Here is a final group questions from the IRS to get your company ready for an EBP audit: 

1)      Are elective deferrals limited to the amounts under IRC 402(g) for the calendar year?

Be sure that the amount of elective deferrals does not exceed the 2010 limit of $16,500 for traditional or safe harbor 401(k) plans. For SIMPLE 401(k) plans, the amount is $10,500. An exception to the limit is catch-up contributions for participants who are age 50 or over at the end of the calendar year. For 2010, traditional or safe harbor 401(k)’s can catch up with an additional $5,500; SIMPLE 401(k) plan participants can add $2,500. 

2)      Have you timely deposited employee elective deferrals?

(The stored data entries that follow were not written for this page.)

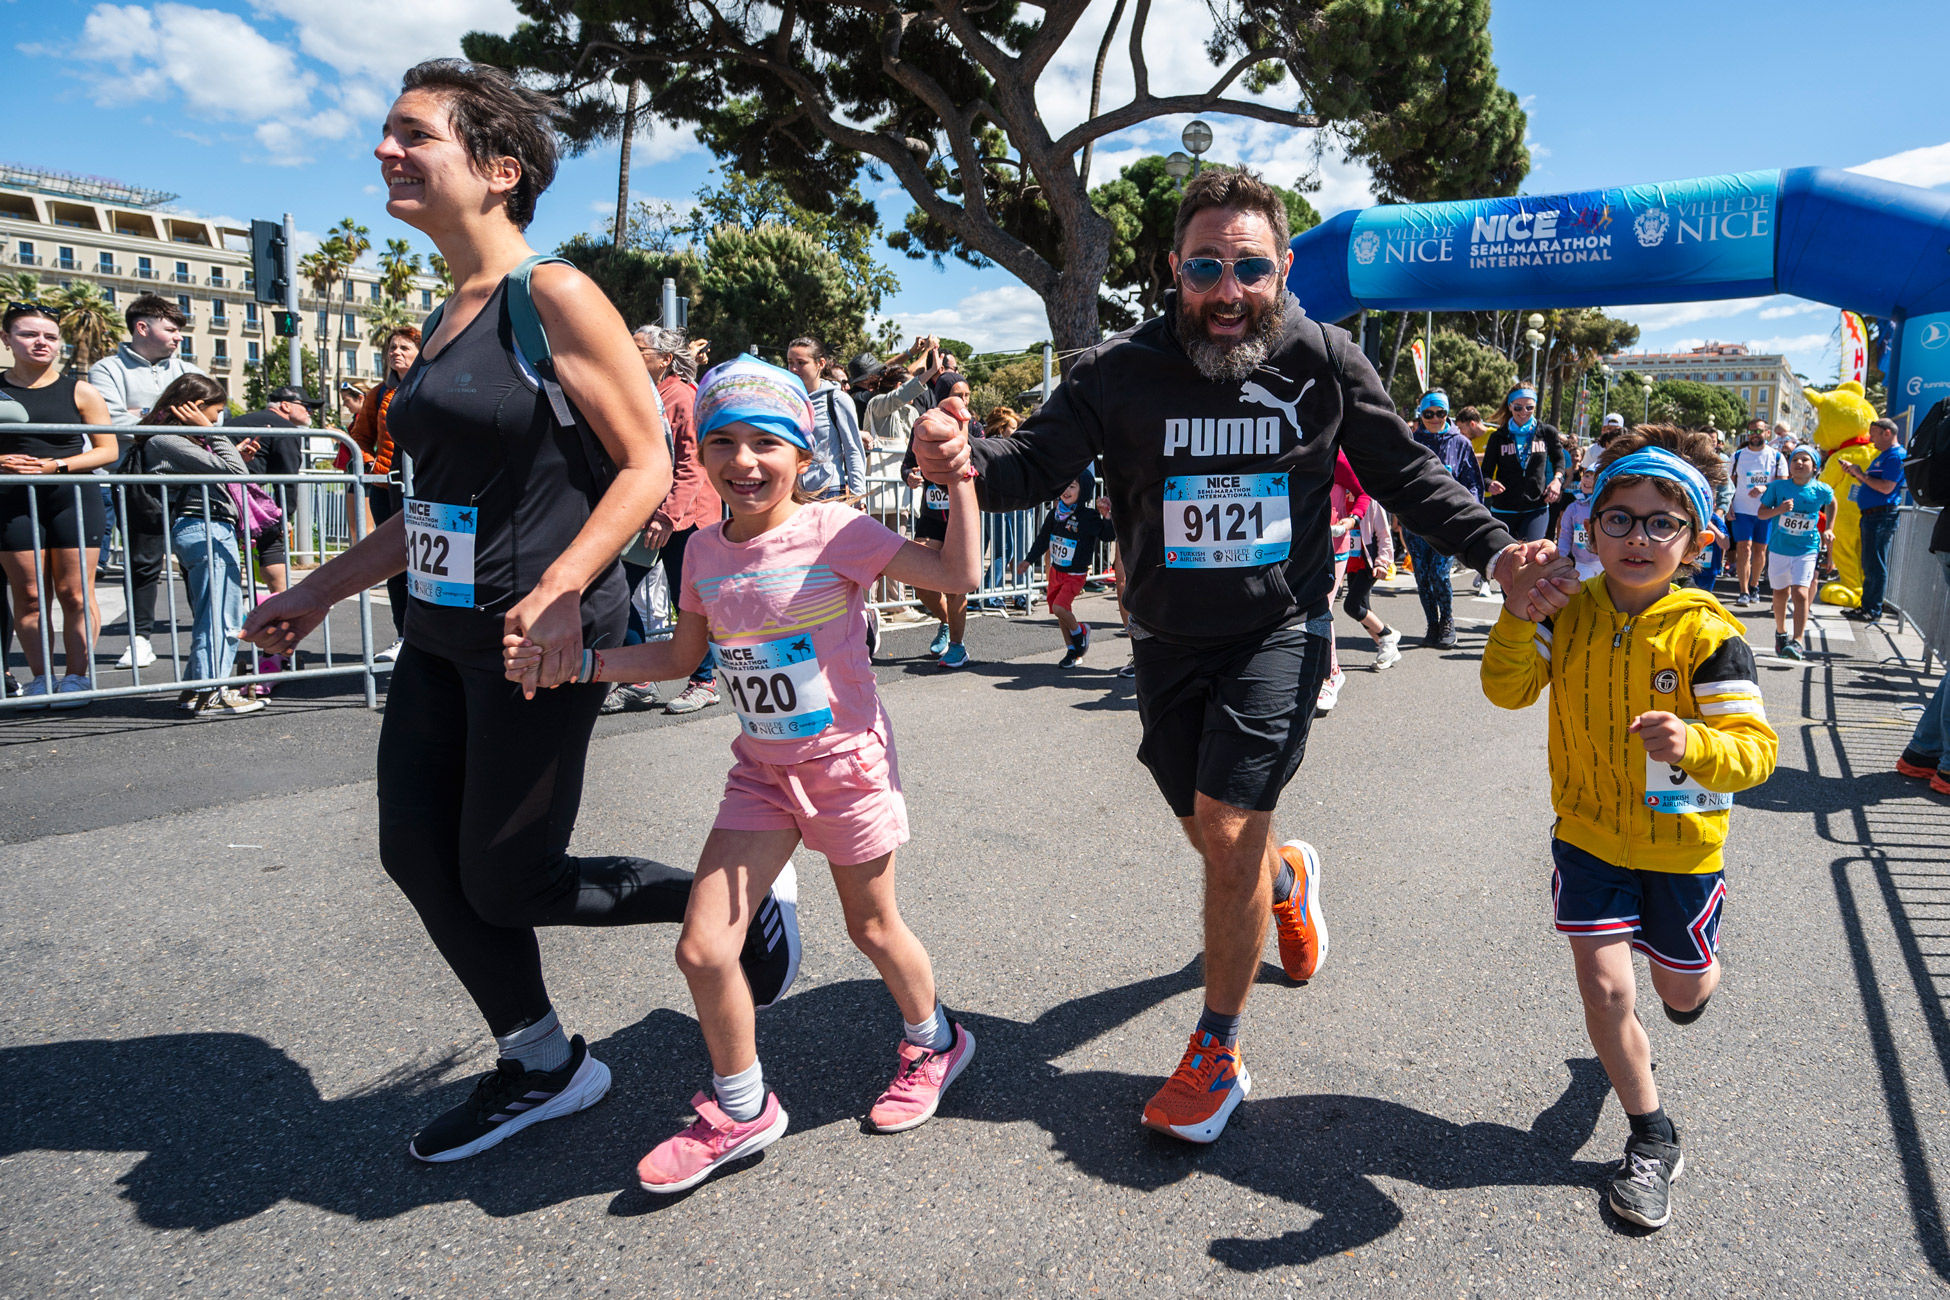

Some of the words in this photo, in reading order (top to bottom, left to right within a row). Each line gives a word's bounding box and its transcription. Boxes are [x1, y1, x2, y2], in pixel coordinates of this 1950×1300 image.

[1677, 199, 1733, 217] VILLE
[1740, 194, 1770, 211] DE
[1387, 227, 1428, 241] VILLE
[1431, 225, 1456, 239] DE
[1470, 210, 1561, 243] NICE
[1675, 210, 1769, 245] NICE
[1384, 239, 1454, 264] NICE
[1470, 234, 1612, 257] SEMI-MARATHON
[1470, 250, 1612, 269] INTERNATIONAL
[1163, 416, 1281, 457] PUMA
[1206, 476, 1241, 489] NICE
[1750, 476, 1768, 484] 8602
[1197, 487, 1251, 495] SEMI-MARATHON
[409, 502, 431, 516] NICE
[1183, 502, 1264, 542] 9121
[1784, 517, 1810, 530] 8614
[1225, 554, 1250, 562] NICE
[720, 648, 754, 661] NICE
[719, 670, 797, 713] 120
[760, 727, 786, 735] NICE
[1708, 798, 1730, 806] NICE
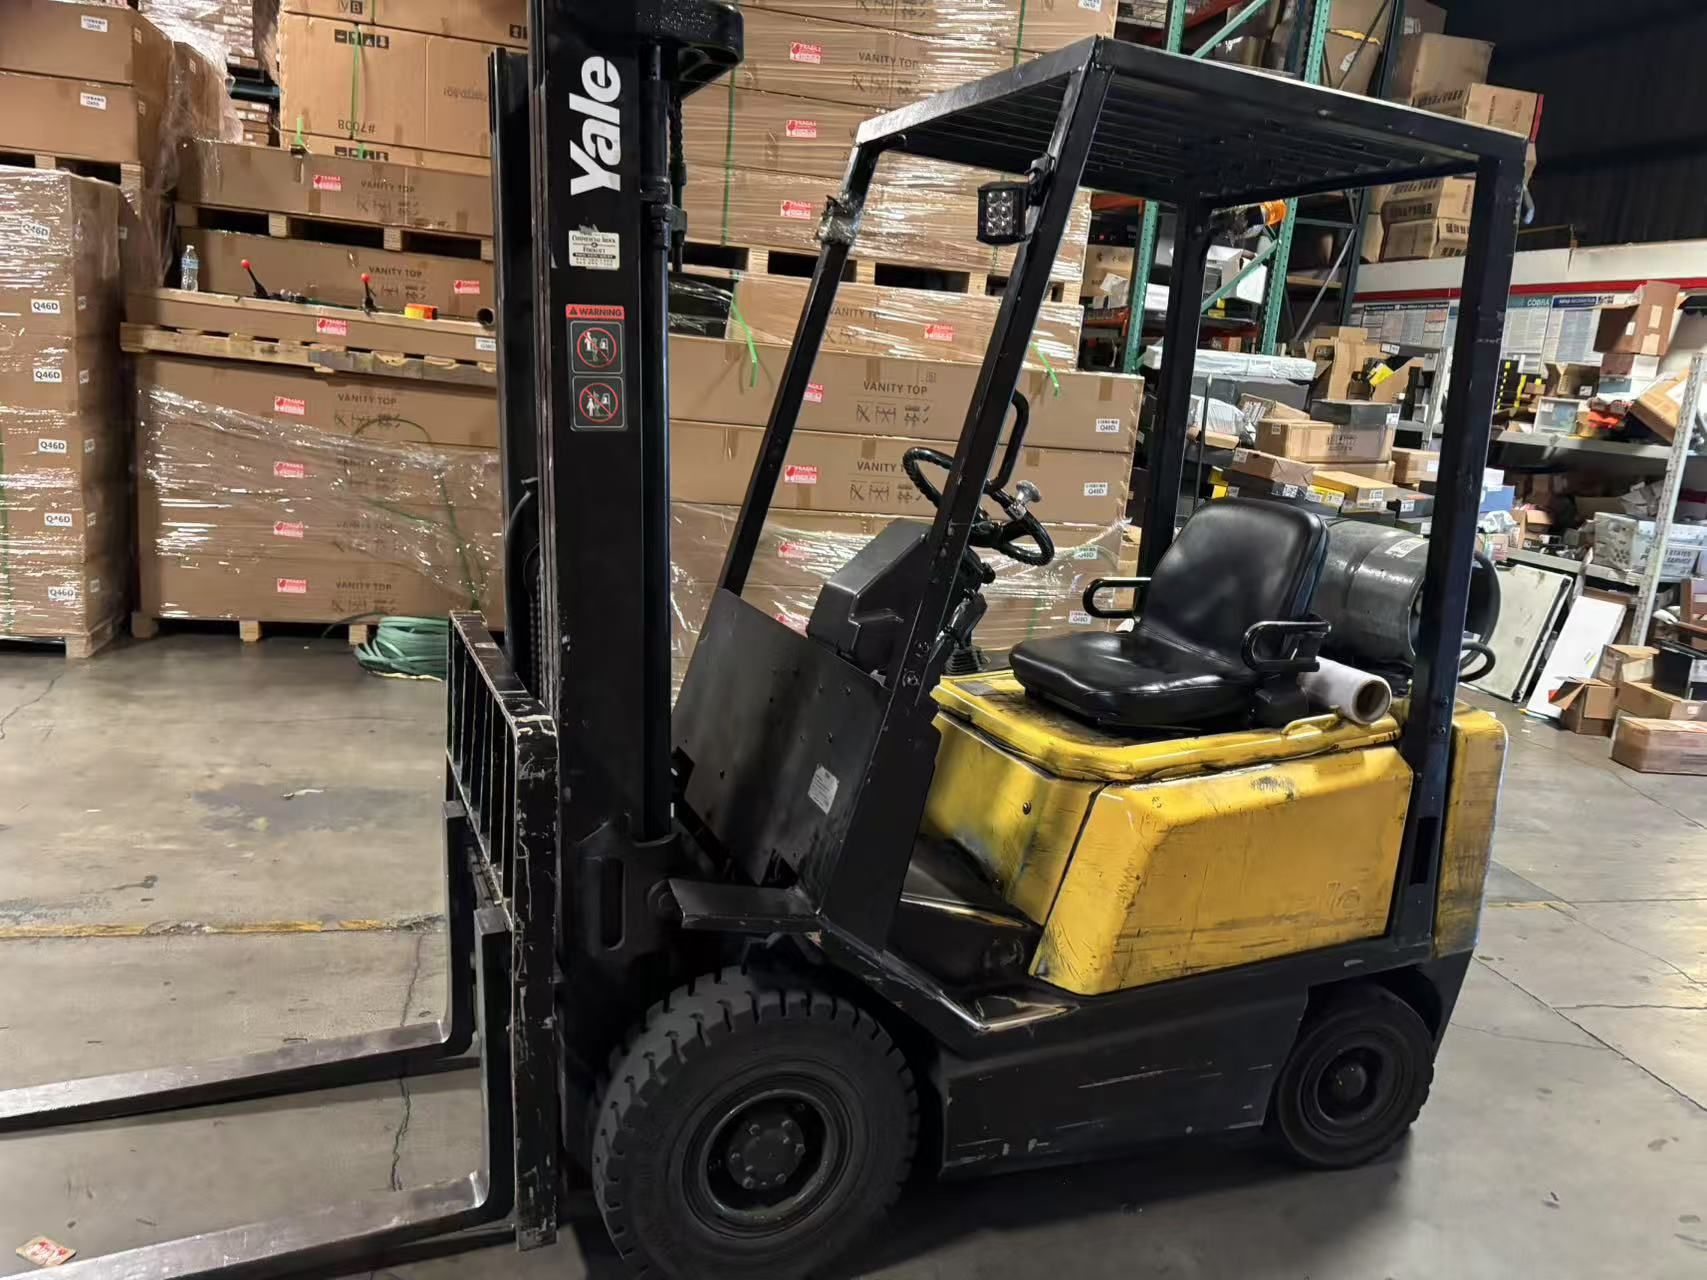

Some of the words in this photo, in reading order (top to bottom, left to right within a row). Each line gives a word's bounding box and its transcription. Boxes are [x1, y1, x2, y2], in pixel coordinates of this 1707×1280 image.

[858, 52, 896, 64] VANITY
[568, 56, 621, 196] Yale
[360, 180, 394, 191] VANITY
[368, 266, 401, 276] VANITY
[405, 270, 422, 278] TOP
[32, 302, 58, 312] Q46D
[580, 308, 622, 317] WARNING
[35, 370, 60, 380] Q46D
[863, 381, 904, 393] VANITY
[907, 384, 928, 395] TOP
[338, 393, 374, 403] VANITY
[378, 396, 397, 404] TOP
[40, 440, 65, 450] Q46D
[856, 461, 897, 473] VANITY
[336, 582, 372, 590] VANITY
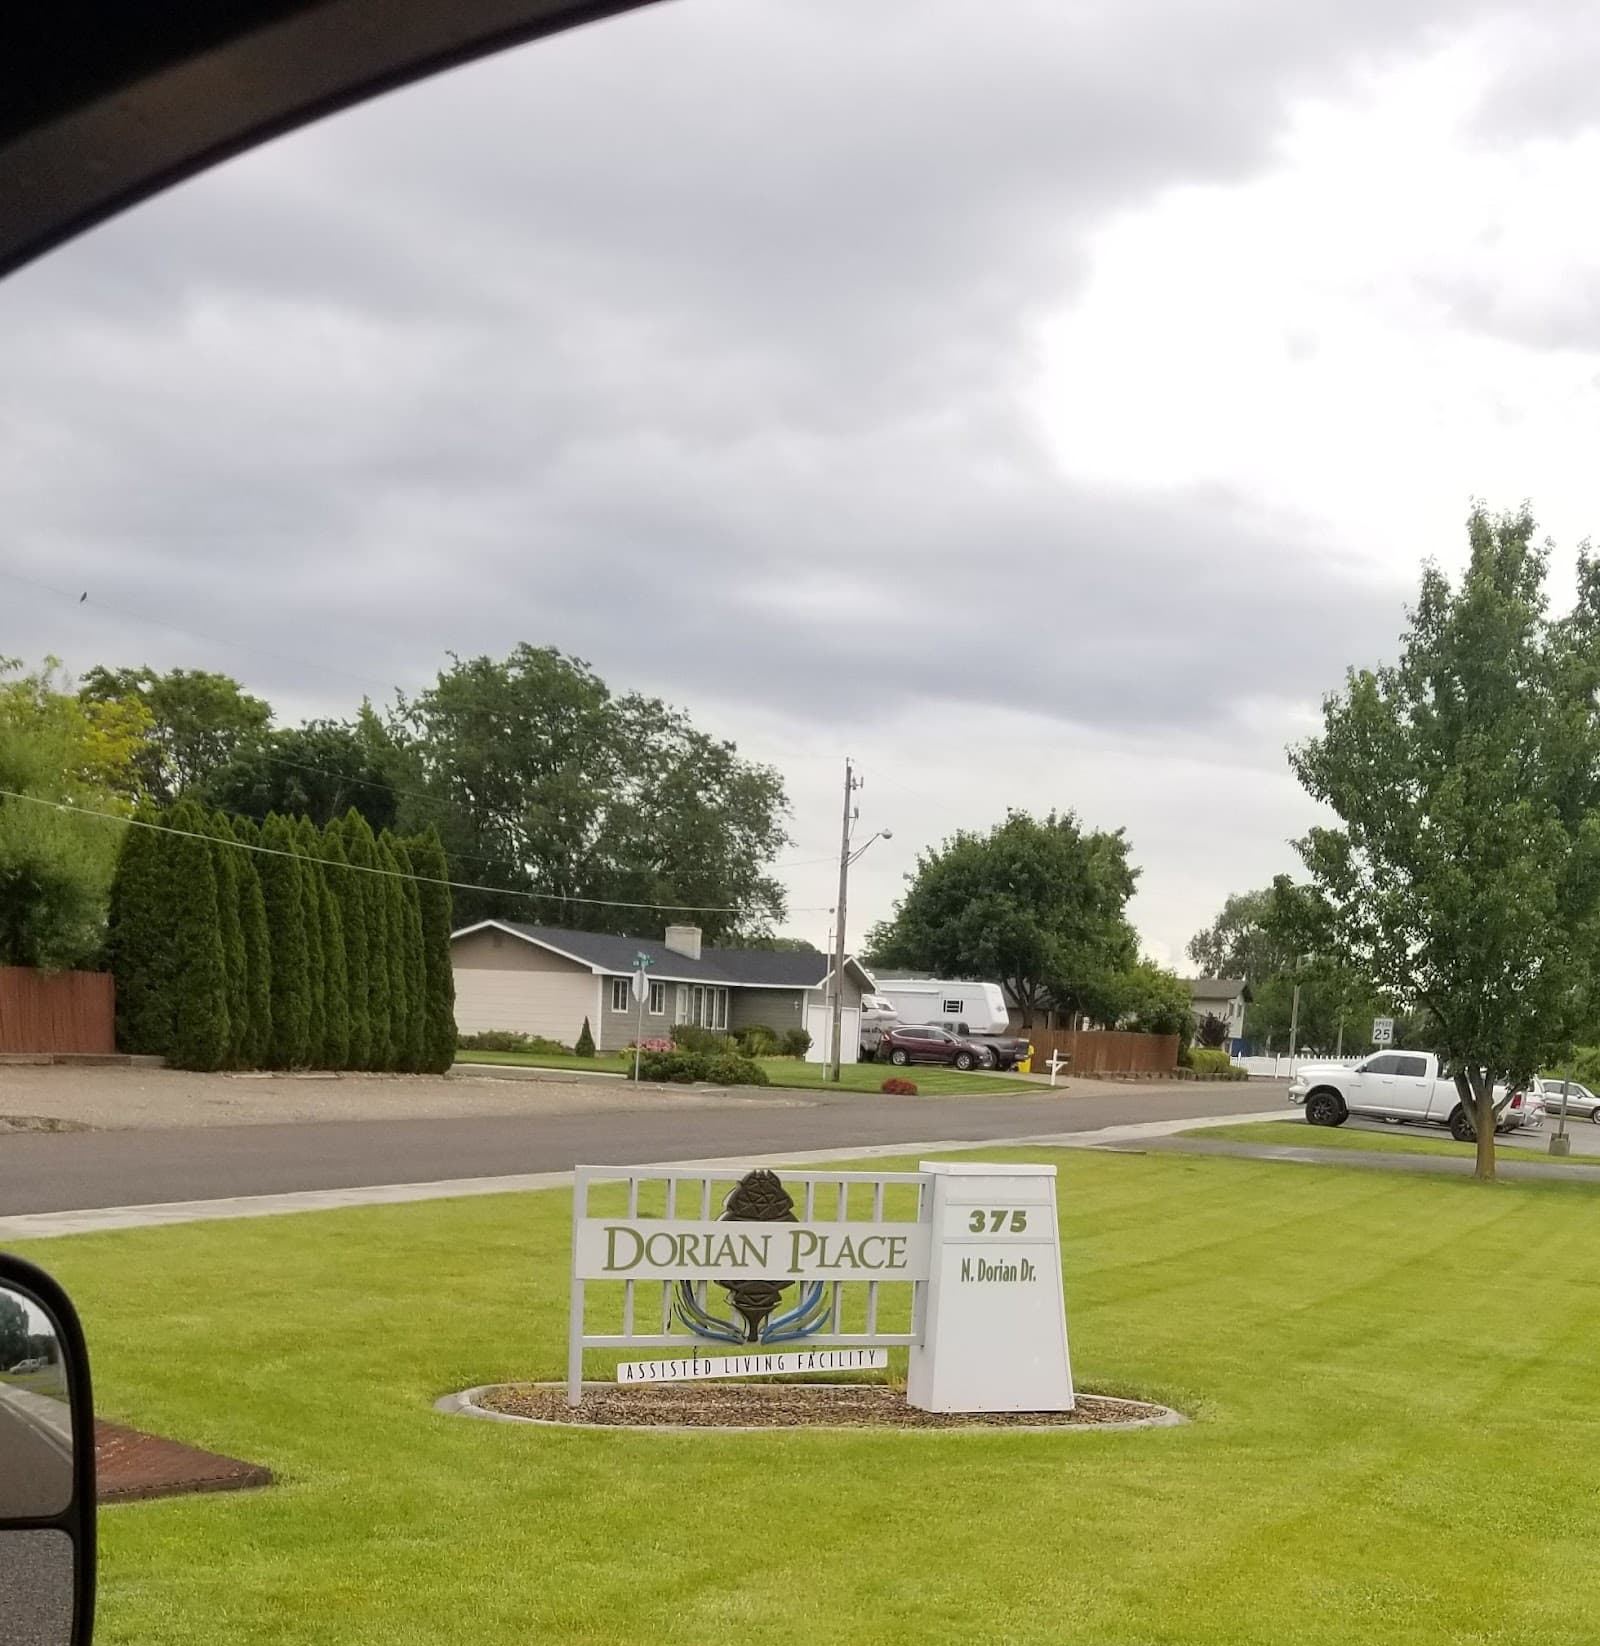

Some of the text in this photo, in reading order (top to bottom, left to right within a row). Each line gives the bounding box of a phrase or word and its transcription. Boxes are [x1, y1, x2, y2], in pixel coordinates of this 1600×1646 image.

[1374, 1028, 1390, 1040] 25
[968, 1209, 1027, 1233] 375
[602, 1226, 908, 1273] DORIAN PLACE
[961, 1257, 1036, 1282] N. Dorian Dr.
[627, 1349, 876, 1380] ASSISTED LIVING FACILITY

Not making timely deposits of your employee elective deferrals puts your company in the ‘prohibited transaction’ category, which results in an excise tax. Be sure that you have a policy in place with your payroll provider to determine the earliest date possible for separating the deferral deposits from general assets. Set up a procedure to make deposits and document accordingly. 

3)      Do participant loans conform to the requirements of the plan document and IRC 72(p)?

Your plan document needs to include a list of rules for participants to follow when taking a loan from a 401(k) account. Briefly, IRS code 72(p) says that:

–          The loan must be in writing and legally enforceable.

–          The loan amount cannot be more than $50,000 or 50% of the vested balance, whichever is less.

–          The loan must be on a repayment schedule at least quarterly, and be repaid within five years.

–          There are exceptions for leaves of absence, but the loan must still be repaid within five years.

 4)      Were hardship distributions made properly?

Employers can make the determination about hardship distributions, and definitions of hardship need to be included in the plan document. Examples of hardship are unexpected large medical bills, significant education tuitions, saving a home from foreclosure or funeral expenses for a close family member. You need to review the hardship distributions at the end of each year to make sure that the distribution is in alignment with provisions in your plan document.